5 Reasons BELONGINGNESS is important TODAY

  1. Over 66 million of us have dealt with tragedy, conflict, the pandemic and self-isolation; forced to draw on personal, spiritual, cultural experiences to cope with and make sense of COVID-19. 
  2. We’ve addressed our need for SAFETY in our own homes but, with the prospect of a “return to work”, it’s now the workplace who has to address our needs for SAFETY, as well as provide community and the sense of BELONGING that goes with it.
  3. Self-isolation has bred hopelessness and powerlessness; apathy is taking its toll on morale, productivity and engagement. The importance of creating communities in the workplace means employers create belonging, motivate members to elevate their performance and drive them to devote time (in and out of the workplace) to what they care about most.
  4. Top-down decision-making will challenge creating sustainable change, so involvement at all levels of an organisation is critical for innovation, sustaining and restoring the UK economy.
  5. In a community, you’re committed and responsible for the outcomes; you’ll participate in organizational and community decision-making and planning, regain power, energy and facilitate positive change.

3 Steps To Build BELONGINGNESS in the Workplace

  1. Empowering employees. Give your employees a role in tackling the company challenges. This increases commitment and people are more committed to something they belong to.
  2. Encourage diverse perspectives. None of us is as smart as all of us. Invite employees and foodservice providers to share how they see the world and best practice demonstrate in it.
  3. Follow the community energy. See what emerges in conversation and talk to employees about the things that matter the most to the people who matter the most to you.
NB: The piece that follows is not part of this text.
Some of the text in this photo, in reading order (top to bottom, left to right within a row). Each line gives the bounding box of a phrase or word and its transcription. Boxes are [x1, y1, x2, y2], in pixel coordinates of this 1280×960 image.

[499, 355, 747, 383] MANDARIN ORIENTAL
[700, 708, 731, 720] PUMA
We conclude that “The Maslow Effect” will help employers apply the hierarch of needs to best adapt, evolve and engage today’s employee, emerging from lockdown, which, as we said at the start, is very different to the one that went in.
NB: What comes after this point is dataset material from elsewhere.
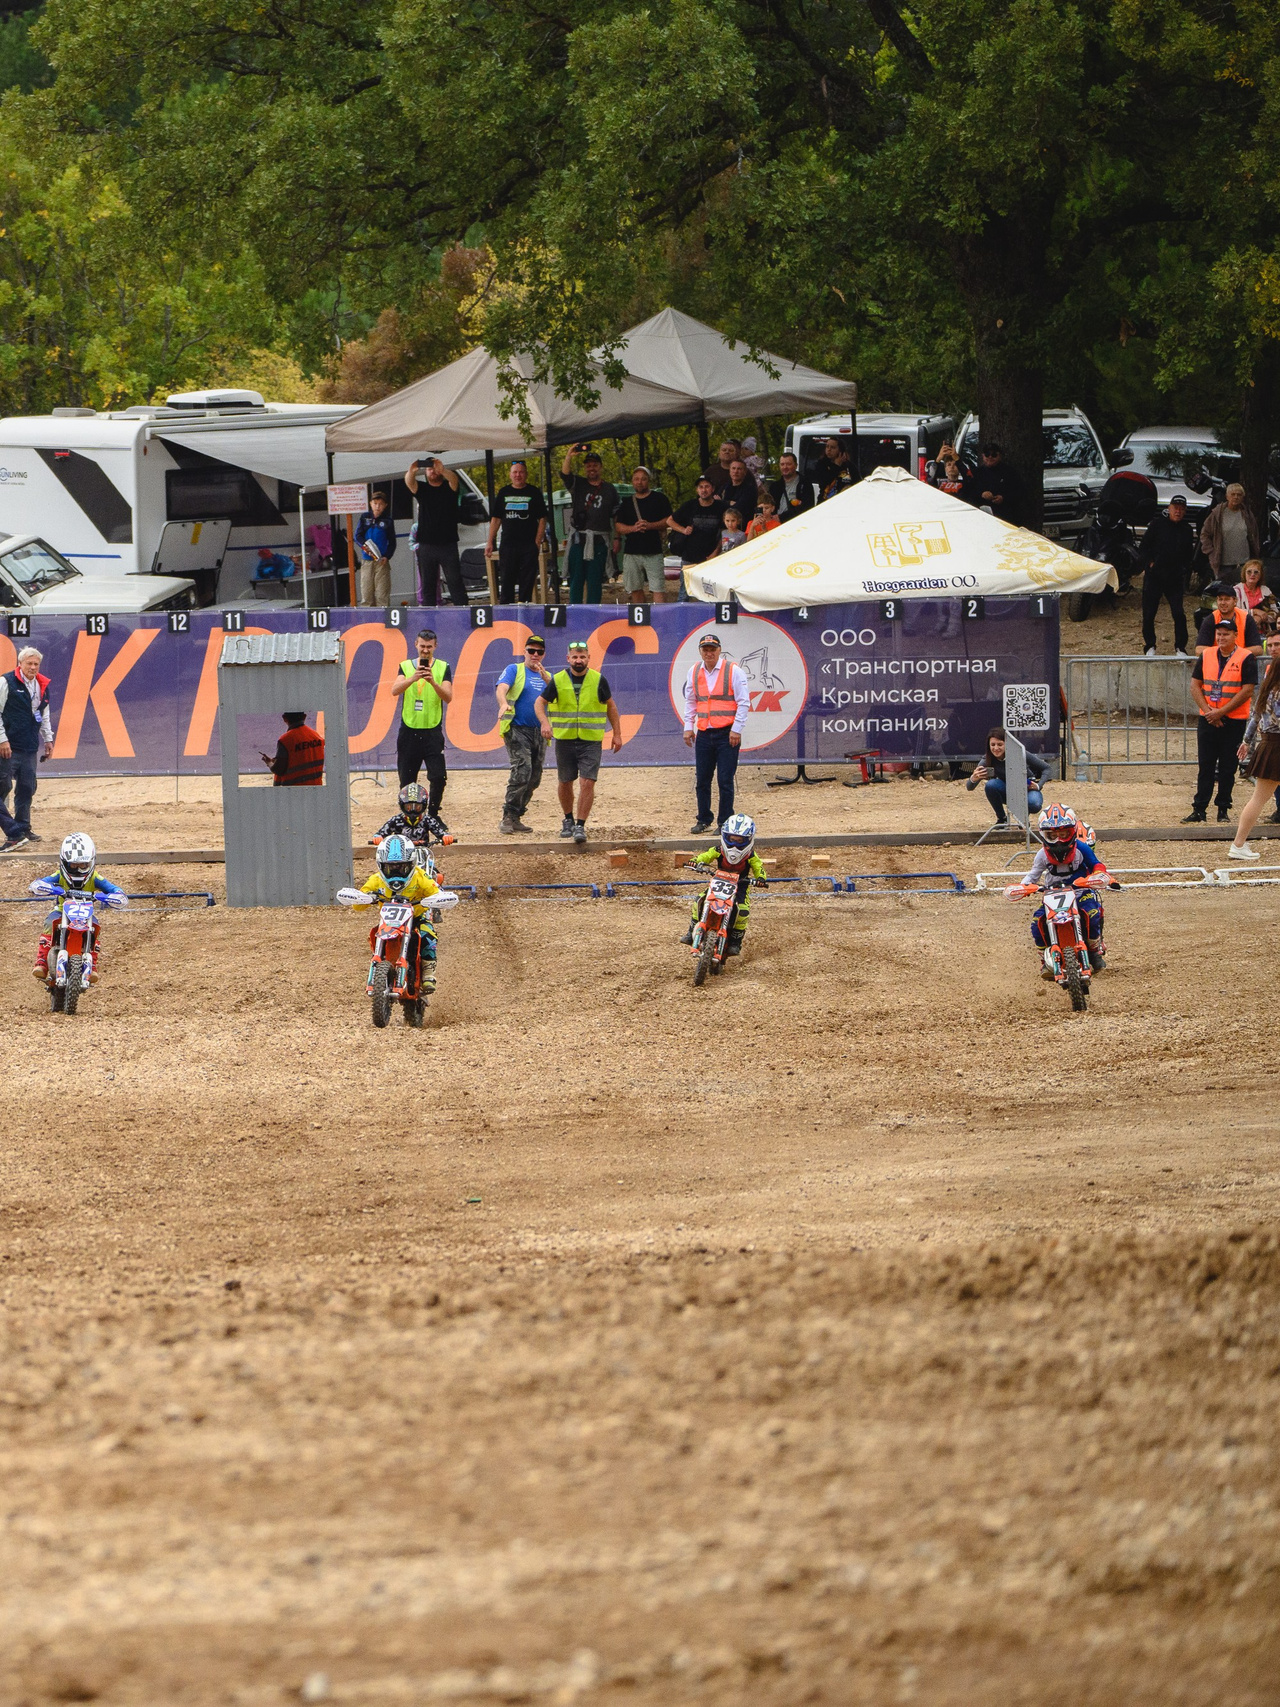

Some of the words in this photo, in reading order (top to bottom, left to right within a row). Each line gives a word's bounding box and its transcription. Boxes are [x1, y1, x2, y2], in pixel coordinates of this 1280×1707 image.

Employees will be happy to return to the workplace, if both SAFETY and BELONGINGNESS needs are met. If so, a new normal could happen quickly. So, UK facilities managers, personnel managers, leaders and CEOs, ought to think more about adapting your staff restaurants and foodservice areas to do more than just focus on feeding a nation returning to work but on a need to BELONG – for some this may be about big comfortable “Central Perk” Style Sofas to give sitters a big hug, “Sleeping Chambers” to recharge nappers or oversized “Games Areas” to bring individuals back together.